In Harlan Ellison's short story 'I Have No Mouth, and I Must Scream', an 'Allied Mastercomputer' - AM - gains sentience and exterminates the human race save for five people. The AI has developed a deep malice for its creators, and these survivors are kept alive to be punished with torture through endless inescapable simulations.

The story was first published in 1968. The existential arguments against playing God have long been of interest in the world of fiction, religion, and philosophy. However, now organisations with little limit to their capital or ambition are racing to create a general artificial intelligence system, underpinned by the belief that the 'singularity'- an AI becomes smarter than a human - will bring with it benefits to all of humankind.

Image credit: Flickr Creative Commons/O'Reilly Internal
Image credit: Flickr Creative Commons/O'Reilly Internal

Several decades ago, Stuart Russell co-authored 'Artificial Intelligence: A Modern Approach', which quickly became a staple textbook for students studying AI. Russell is now professor of computer science at the University of California and is warning that civilization needs to take urgent steps to avoid sleepwalking into potentially world-ending catastrophes.

"I wrote my first AI test program when I was in school," says Russell, speaking with Techworld at the IP Expo conference in London's Docklands in late September. "It's always seemed to me that AI is an incredibly important problem and if we solve it it's going to have a huge impact."

A question no one seemed to be answering is: What if we succeed?
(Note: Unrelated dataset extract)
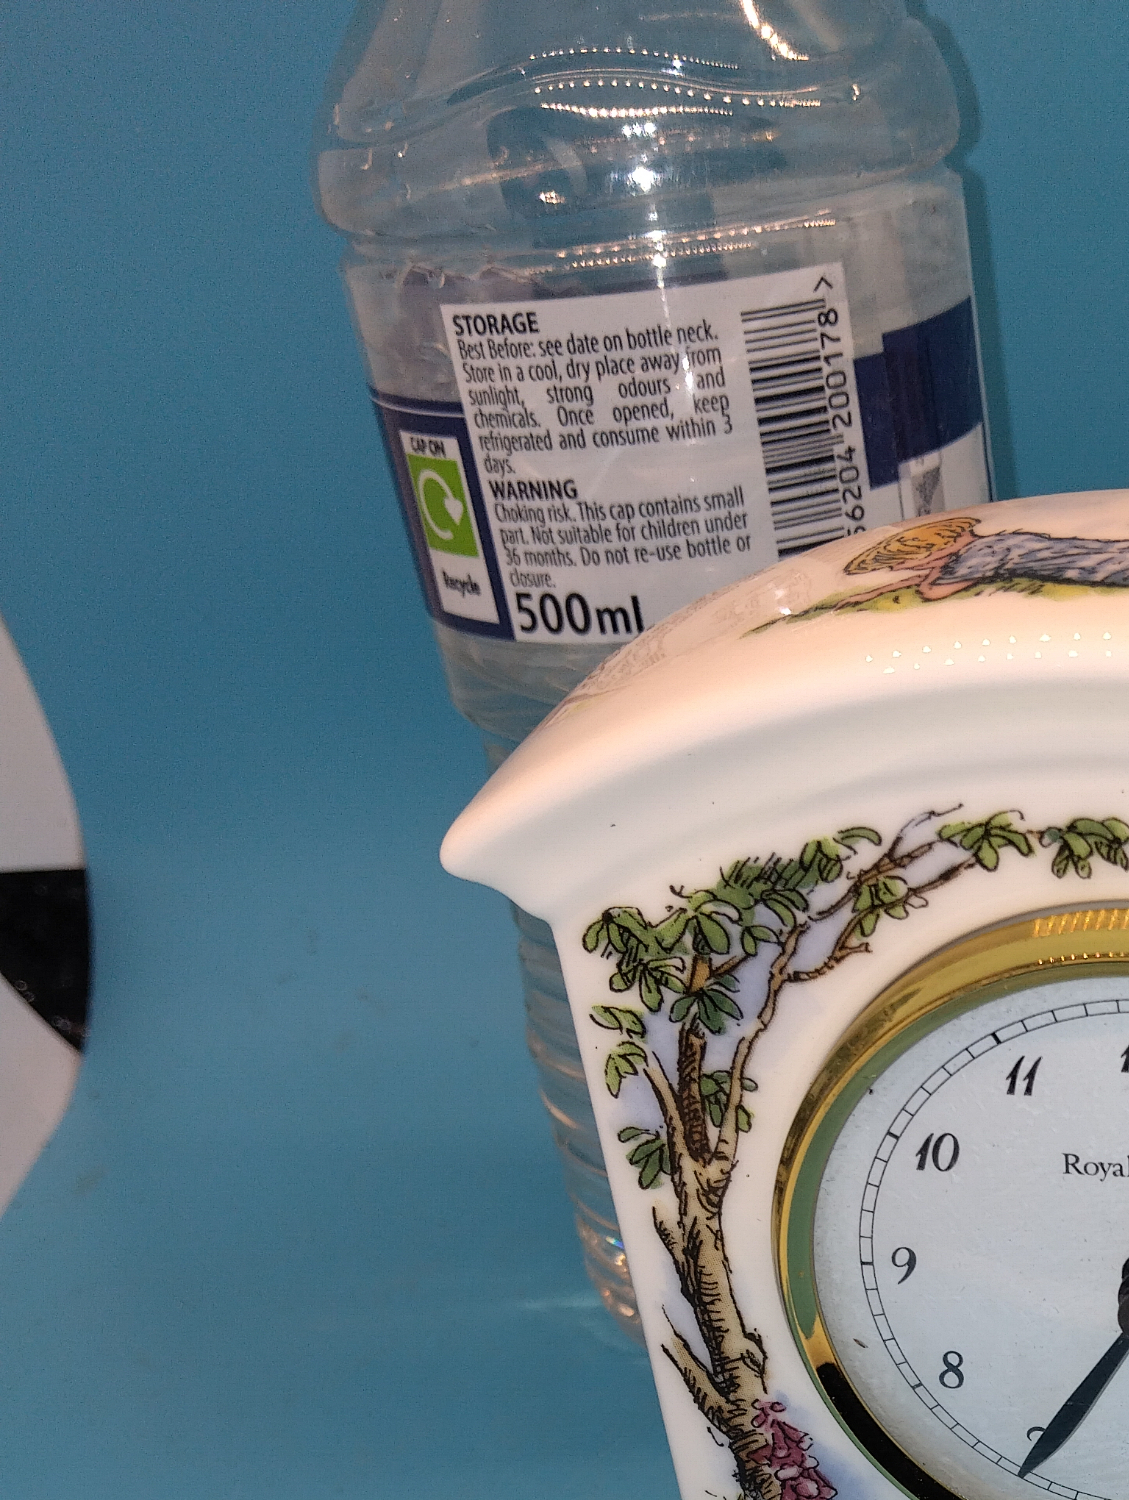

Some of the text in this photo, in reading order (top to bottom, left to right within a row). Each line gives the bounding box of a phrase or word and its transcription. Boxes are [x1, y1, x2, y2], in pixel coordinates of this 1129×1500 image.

Russell has publicly wondered about this since the first edition of his textbook was published in 1994. "Since we're all trying to get there, we should ask what happens when we get there," he says.

Businesses and academics are busily working away on the development of artificial intelligence, and while a better-than-human general AI might be decades or more away, a system that is smarter than us could very well take us by surprise.

What do we want?

"Things that are more intelligent than you can get what they want. It doesn't really matter what you want. Just like the gorillas don't get what they want any more: the humans get what they want. And so, how do we prevent that problem?"

One way to address this is to simply pull the plug on the machine, but if a system is smarter than you, it will have probably already considered that.

"I think the way we prevent that problem is by designing machines in such a way that constitutionally the only thing they want is what we want," Russell says. "Now the difficulty with that is we don't know how to say what we want. We're not even sure that we know what we want in a way we can express - so we can't just put it into the machine.

"That means the machines are going to be designed to want only want we want. But they don't know what it is."

Russell, then, is "exploring the technical consequences of that way of thinking". As you might imagine that creates more and more questions, both mathematical and existential in nature.

"Really what it means is the machines have to learn from all possible sources of information what it is that humans really want," he says. "What would make them unhappy? What would constitute a catastrophic outcome? We can imagine outcomes that we would say: yes, that's definitely catastrophic.

"I definitely don't want all humans to be subject to guinea pig experiments on cancer drugs.

"I definitely don't want all of the oxygen in the atmosphere to be eliminated and everyone asphyxiated."

Others would be harder to anticipate: for example, a "gradual enfeeblement" where Wall-E-like machines keep us "fat, stupid, lazy, obese, and useless".

"That'd be something where now we could say, we definitely don't want that," he says. "But we could go down that slippery slope where we thought that was great.

"So it's a very complicated set of questions and it really does involve these philosophical issues. What are human preferences? Do you mean what you believe you will prefer in the future, or do you mean what you actually prefer at the time?"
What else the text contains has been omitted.